Your assignment
Retype every entry below exactly as it stands.

Stored items from a collection
----------
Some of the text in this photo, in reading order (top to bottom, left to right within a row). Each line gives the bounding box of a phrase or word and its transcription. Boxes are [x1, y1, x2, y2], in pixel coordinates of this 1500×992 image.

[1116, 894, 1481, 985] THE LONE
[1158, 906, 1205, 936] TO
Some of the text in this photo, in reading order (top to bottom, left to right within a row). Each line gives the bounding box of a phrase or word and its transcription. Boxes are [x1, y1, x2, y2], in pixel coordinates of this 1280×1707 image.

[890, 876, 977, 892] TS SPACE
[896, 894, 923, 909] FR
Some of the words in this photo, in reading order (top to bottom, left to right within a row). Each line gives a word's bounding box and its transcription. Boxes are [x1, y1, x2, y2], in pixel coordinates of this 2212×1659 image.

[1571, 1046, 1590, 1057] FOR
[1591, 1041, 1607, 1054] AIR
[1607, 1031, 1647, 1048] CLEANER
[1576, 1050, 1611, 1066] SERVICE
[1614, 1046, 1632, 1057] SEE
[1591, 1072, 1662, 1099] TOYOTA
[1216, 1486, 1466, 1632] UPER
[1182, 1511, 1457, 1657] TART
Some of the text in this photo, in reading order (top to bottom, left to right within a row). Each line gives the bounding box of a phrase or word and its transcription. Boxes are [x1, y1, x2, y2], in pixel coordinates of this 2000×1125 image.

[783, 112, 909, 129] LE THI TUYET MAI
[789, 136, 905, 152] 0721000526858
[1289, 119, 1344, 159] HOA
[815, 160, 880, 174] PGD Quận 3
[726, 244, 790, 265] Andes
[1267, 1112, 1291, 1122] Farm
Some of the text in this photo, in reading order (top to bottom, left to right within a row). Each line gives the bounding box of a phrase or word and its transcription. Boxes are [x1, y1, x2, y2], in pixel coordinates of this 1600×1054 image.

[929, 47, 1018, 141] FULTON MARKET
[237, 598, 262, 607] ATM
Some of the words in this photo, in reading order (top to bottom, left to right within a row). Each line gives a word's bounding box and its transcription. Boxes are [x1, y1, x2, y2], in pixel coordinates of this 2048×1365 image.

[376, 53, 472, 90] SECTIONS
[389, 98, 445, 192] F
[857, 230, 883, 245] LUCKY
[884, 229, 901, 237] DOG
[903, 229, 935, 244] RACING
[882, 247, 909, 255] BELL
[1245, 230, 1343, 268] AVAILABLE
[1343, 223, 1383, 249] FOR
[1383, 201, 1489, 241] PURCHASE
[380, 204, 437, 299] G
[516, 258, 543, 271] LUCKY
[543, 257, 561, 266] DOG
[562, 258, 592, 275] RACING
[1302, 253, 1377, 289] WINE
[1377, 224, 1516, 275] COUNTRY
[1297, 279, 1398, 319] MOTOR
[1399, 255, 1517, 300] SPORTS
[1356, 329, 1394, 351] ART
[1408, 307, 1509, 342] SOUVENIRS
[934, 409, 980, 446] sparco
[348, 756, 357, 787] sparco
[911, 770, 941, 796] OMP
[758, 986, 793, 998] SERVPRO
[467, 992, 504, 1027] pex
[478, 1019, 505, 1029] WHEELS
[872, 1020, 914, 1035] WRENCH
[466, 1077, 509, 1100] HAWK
----------
Your solution
Some of the text in this photo, in reading order (top to bottom, left to right within a row). Each line gives the bounding box of a phrase or word and its transcription. Boxes are [x1, y1, x2, y2], in pixel coordinates of this 1500×992 image.

[1116, 894, 1481, 985] THE LONE
[1158, 906, 1205, 936] TO
Some of the text in this photo, in reading order (top to bottom, left to right within a row). Each line gives the bounding box of a phrase or word and its transcription. Boxes are [x1, y1, x2, y2], in pixel coordinates of this 1280×1707 image.

[890, 876, 977, 892] TS SPACE
[896, 894, 923, 909] FR
Some of the words in this photo, in reading order (top to bottom, left to right within a row). Each line gives a word's bounding box and its transcription. Boxes are [x1, y1, x2, y2], in pixel coordinates of this 2212×1659 image.

[1571, 1046, 1590, 1057] FOR
[1591, 1041, 1607, 1054] AIR
[1607, 1031, 1647, 1048] CLEANER
[1576, 1050, 1611, 1066] SERVICE
[1614, 1046, 1632, 1057] SEE
[1591, 1072, 1662, 1099] TOYOTA
[1216, 1486, 1466, 1632] UPER
[1182, 1511, 1457, 1657] TART
Some of the text in this photo, in reading order (top to bottom, left to right within a row). Each line gives the bounding box of a phrase or word and its transcription. Boxes are [x1, y1, x2, y2], in pixel coordinates of this 2000×1125 image.

[783, 112, 909, 129] LE THI TUYET MAI
[789, 136, 905, 152] 0721000526858
[1289, 119, 1344, 159] HOA
[815, 160, 880, 174] PGD Quận 3
[726, 244, 790, 265] Andes
[1267, 1112, 1291, 1122] Farm
Some of the text in this photo, in reading order (top to bottom, left to right within a row). Each line gives the bounding box of a phrase or word and its transcription. Boxes are [x1, y1, x2, y2], in pixel coordinates of this 1600×1054 image.

[929, 47, 1018, 141] FULTON MARKET
[237, 598, 262, 607] ATM
Some of the words in this photo, in reading order (top to bottom, left to right within a row). Each line gives a word's bounding box and its transcription. Boxes are [x1, y1, x2, y2], in pixel coordinates of this 2048×1365 image.

[376, 53, 472, 90] SECTIONS
[389, 98, 445, 192] F
[857, 230, 883, 245] LUCKY
[884, 229, 901, 237] DOG
[903, 229, 935, 244] RACING
[882, 247, 909, 255] BELL
[1245, 230, 1343, 268] AVAILABLE
[1343, 223, 1383, 249] FOR
[1383, 201, 1489, 241] PURCHASE
[380, 204, 437, 299] G
[516, 258, 543, 271] LUCKY
[543, 257, 561, 266] DOG
[562, 258, 592, 275] RACING
[1302, 253, 1377, 289] WINE
[1377, 224, 1516, 275] COUNTRY
[1297, 279, 1398, 319] MOTOR
[1399, 255, 1517, 300] SPORTS
[1356, 329, 1394, 351] ART
[1408, 307, 1509, 342] SOUVENIRS
[934, 409, 980, 446] sparco
[348, 756, 357, 787] sparco
[911, 770, 941, 796] OMP
[758, 986, 793, 998] SERVPRO
[467, 992, 504, 1027] pex
[478, 1019, 505, 1029] WHEELS
[872, 1020, 914, 1035] WRENCH
[466, 1077, 509, 1100] HAWK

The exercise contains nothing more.